Throughout my career, I’ve worked with a wide variety of clients, but when I stepped back to assess, I came to a funny realization. There were three types of clients drawn to work with me over and over: 1. Engineers (because I’m able to answer their questions down to the nitty-gritty), 2. LGBTQ+ couples (because I’m empathetic and understanding of their needs), and 3. Women.

Let me just tell you, as a woman in the financial industry, I loved  working with other women! I found they were receptive to my advice, smart, savvy, and forward-thinking. Always open and candid. Best of all, women are intuitive. When women trust their gut, it never steers them wrong.

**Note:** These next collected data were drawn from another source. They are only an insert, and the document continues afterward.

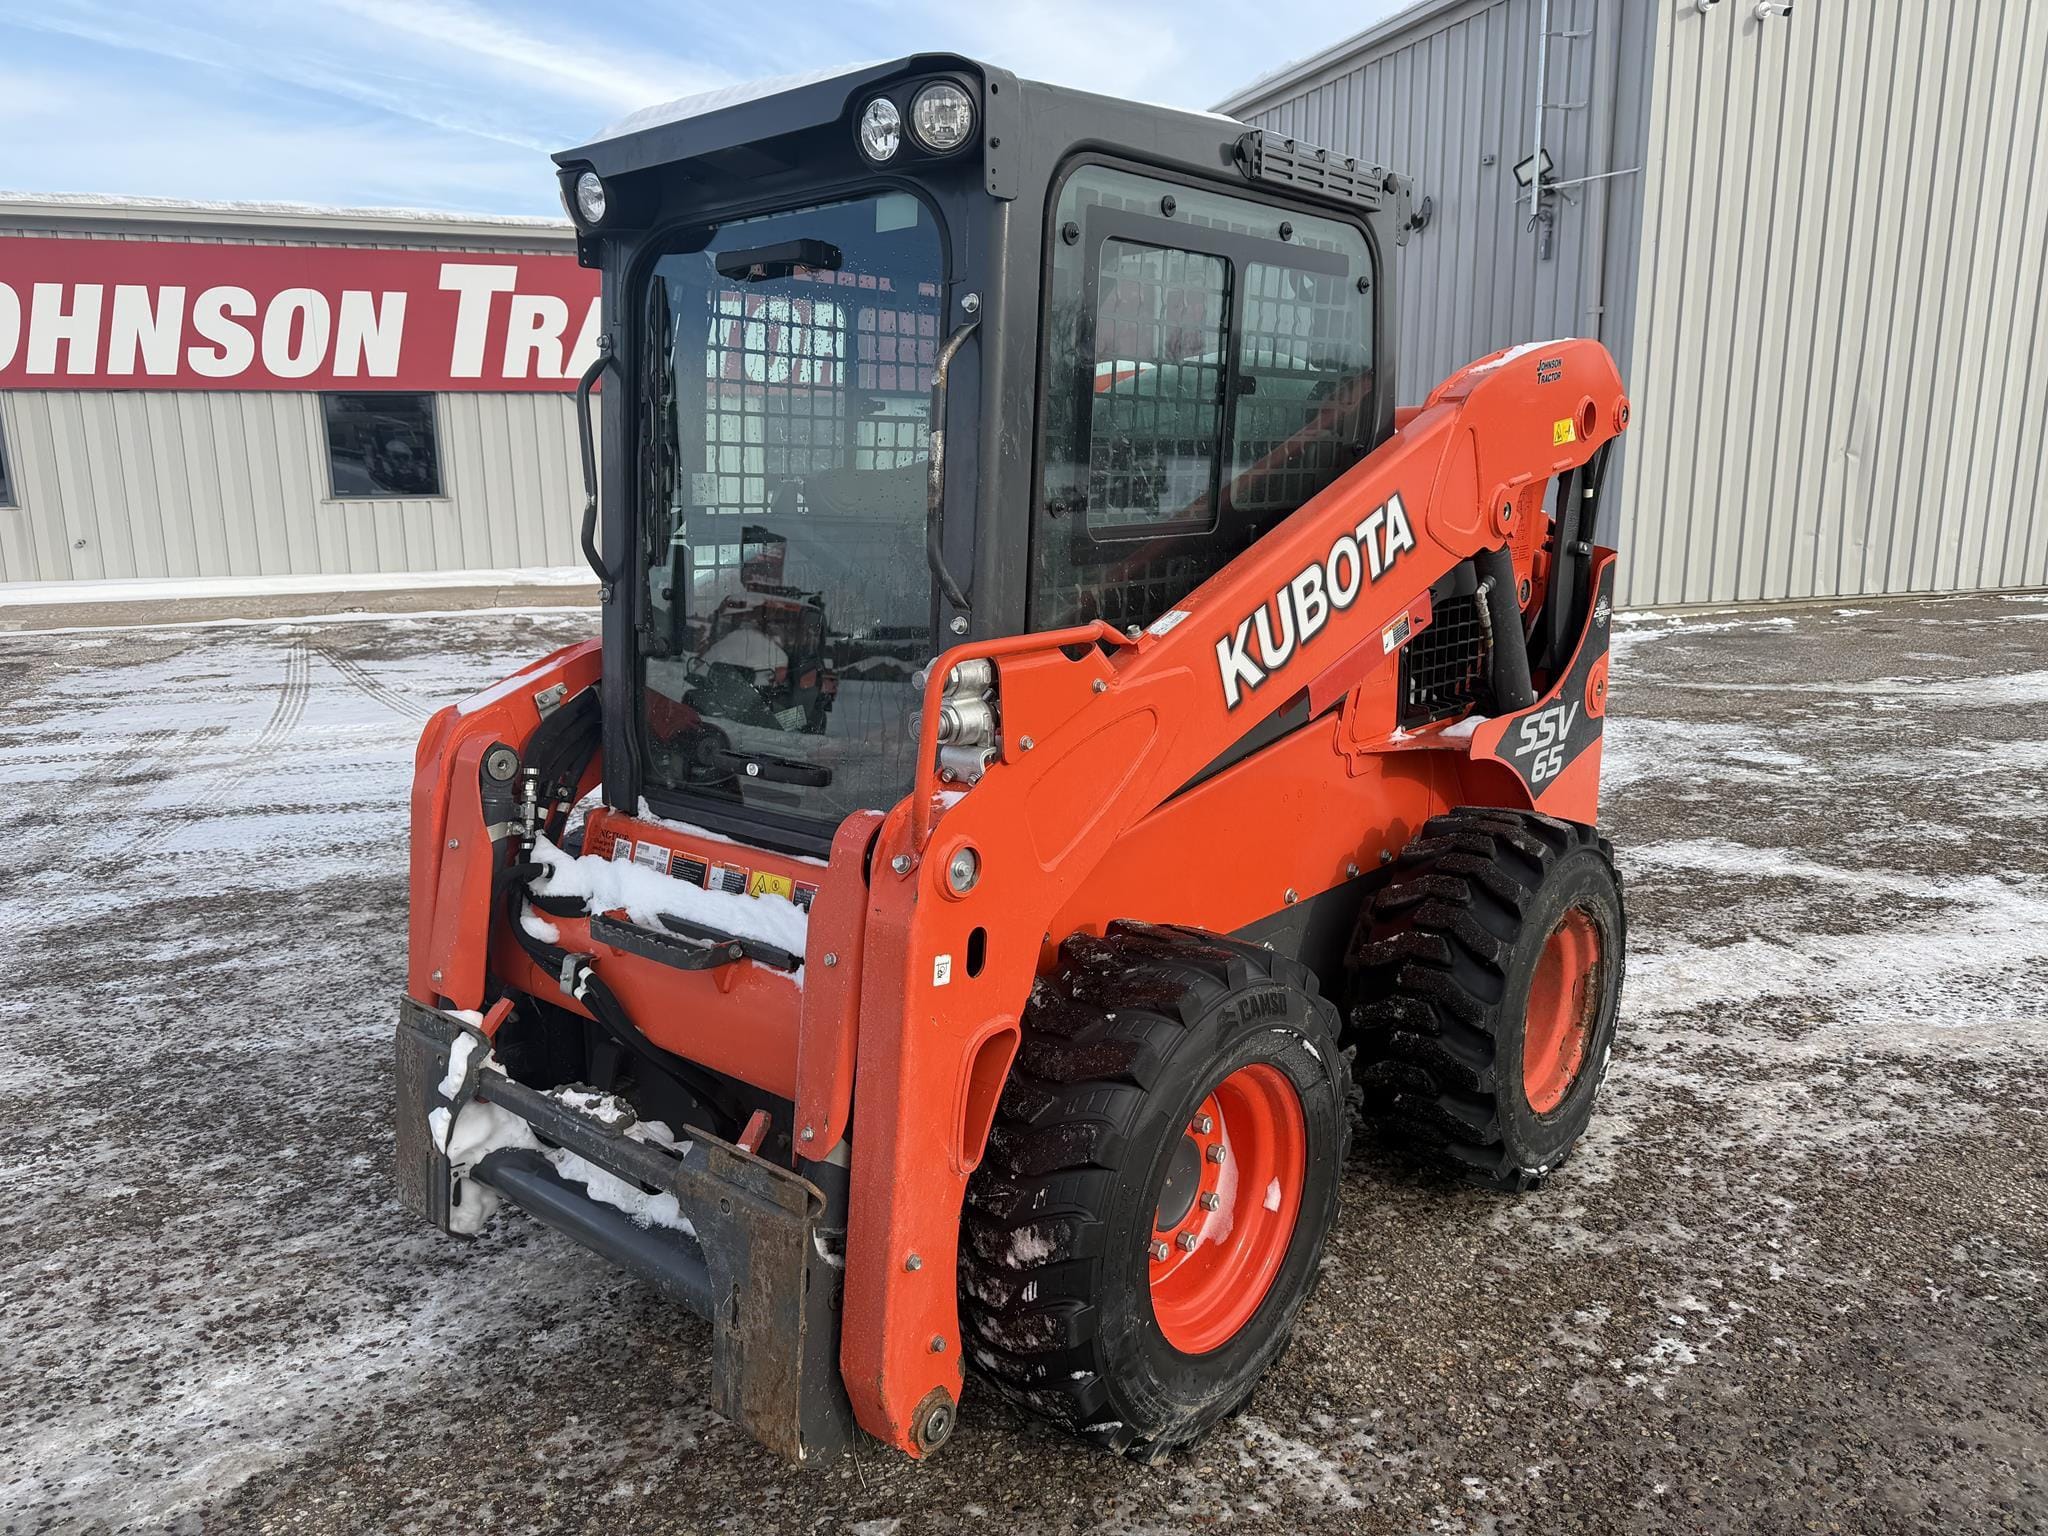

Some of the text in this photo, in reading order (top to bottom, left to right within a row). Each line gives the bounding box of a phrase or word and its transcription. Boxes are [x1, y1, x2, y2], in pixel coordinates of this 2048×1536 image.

[1536, 359, 1562, 372] JOHNSON
[1537, 372, 1562, 385] TRACTOR
[1215, 493, 1415, 710] KUBOTA
[1515, 701, 1579, 757] SSV
[1531, 744, 1565, 783] 65
[1237, 992, 1288, 1024] CAMSO

Male clients, generally, would ask the big questions. They wanted to know my qualifications, how long I had been in the business. They wanted to know how long it would take me to grow their money fast, basically vetting me. They often came in swinging with this “how much more  wealth will I gain if I ‘go’ with you?!” You get the gist.

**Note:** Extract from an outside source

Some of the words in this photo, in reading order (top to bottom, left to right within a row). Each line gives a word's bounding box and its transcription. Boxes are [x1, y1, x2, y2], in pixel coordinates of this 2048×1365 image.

Women, on the other hand, are often more thoughtful and strategic when it comes to investing, whether it’s for retirement or another purpose. They’re concerned about helping themselves, but they also want to know how many people they will benefit by investing. They want to know how they will care for their loved ones with their money. They understand how to foster growth because they’re natural nurturers — they can tuck away a nest egg and care for it until it’s ready to hatch.

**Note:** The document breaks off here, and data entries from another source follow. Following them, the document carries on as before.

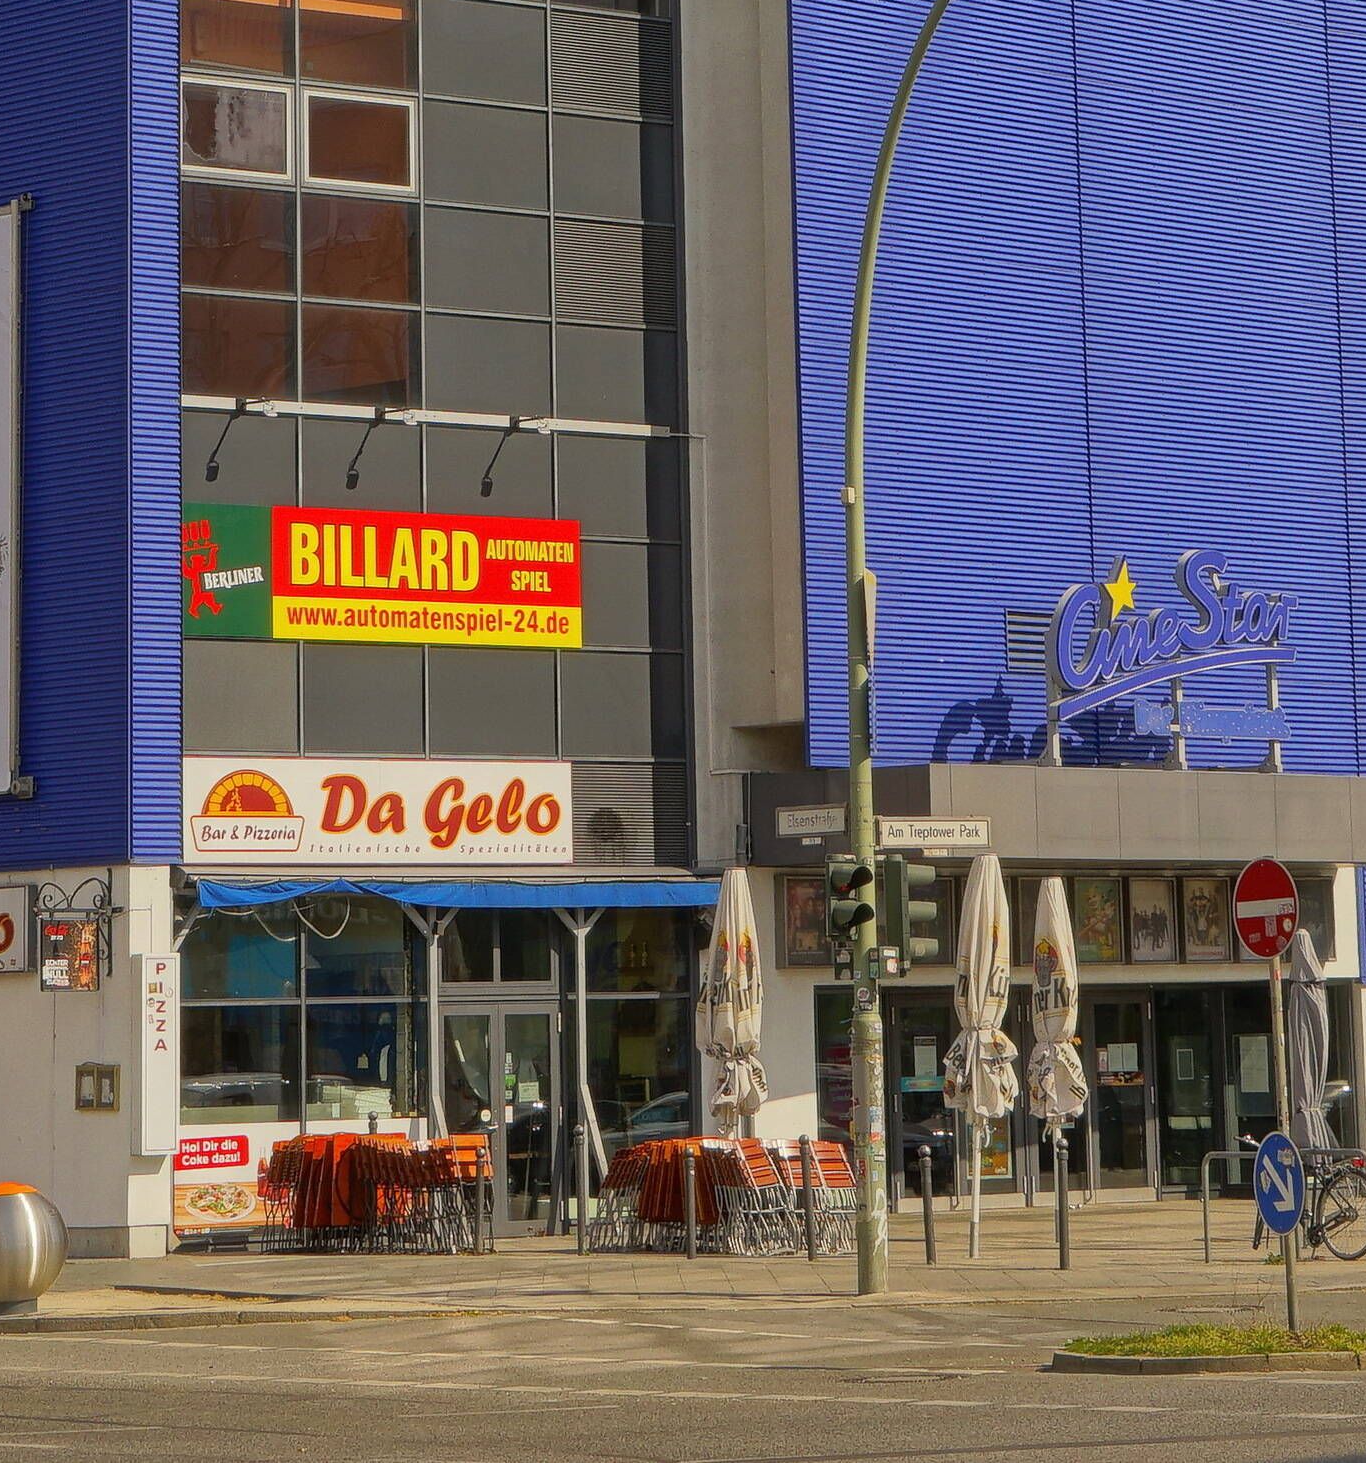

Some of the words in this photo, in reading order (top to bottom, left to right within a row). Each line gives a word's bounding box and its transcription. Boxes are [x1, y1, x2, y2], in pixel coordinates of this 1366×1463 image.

[289, 522, 480, 593] BILLARD
[485, 537, 575, 564] AUTOMATEN
[203, 565, 264, 591] BERLINER
[511, 570, 552, 593] SPIEL
[287, 605, 570, 637] www.automatenspiel-24.de
[1047, 548, 1299, 690] CineStar
[320, 773, 407, 834] Da
[423, 775, 562, 848] Gelo
[201, 824, 228, 842] Bar
[229, 824, 240, 841] &
[243, 823, 296, 844] Pizzeria
[887, 824, 904, 838] Am
[909, 824, 955, 841] Treptower
[959, 824, 981, 838] Park
[459, 843, 569, 855] Spezialitäten
[154, 962, 168, 1051] PIZZA
[181, 1142, 200, 1153] Hol
[202, 1140, 219, 1152] Dir
[221, 1139, 238, 1150] die
[181, 1154, 210, 1166] Coke
[212, 1152, 241, 1163] dazu!

That said, money is money. As I said before, money doesn’t have gender or emotions. Women and men aren’t dealing with a different beast or economy, but their approach to tackling it is often different.  That’s why each person must find a financial advisor they trust and feel comfortable working with.

Now, I’ve found that at some point, everyone is nervous and uncertain when it comes to money. Money is important; our financial security is vital to our well-being. Women are simply more willing to admit their questions, uncertainty, and doubts. But at the same time, women aren’t always sure how to ask for the right help they need or how to articulate their concerns clearly. We don’t want to come off as vulnerable or stupid.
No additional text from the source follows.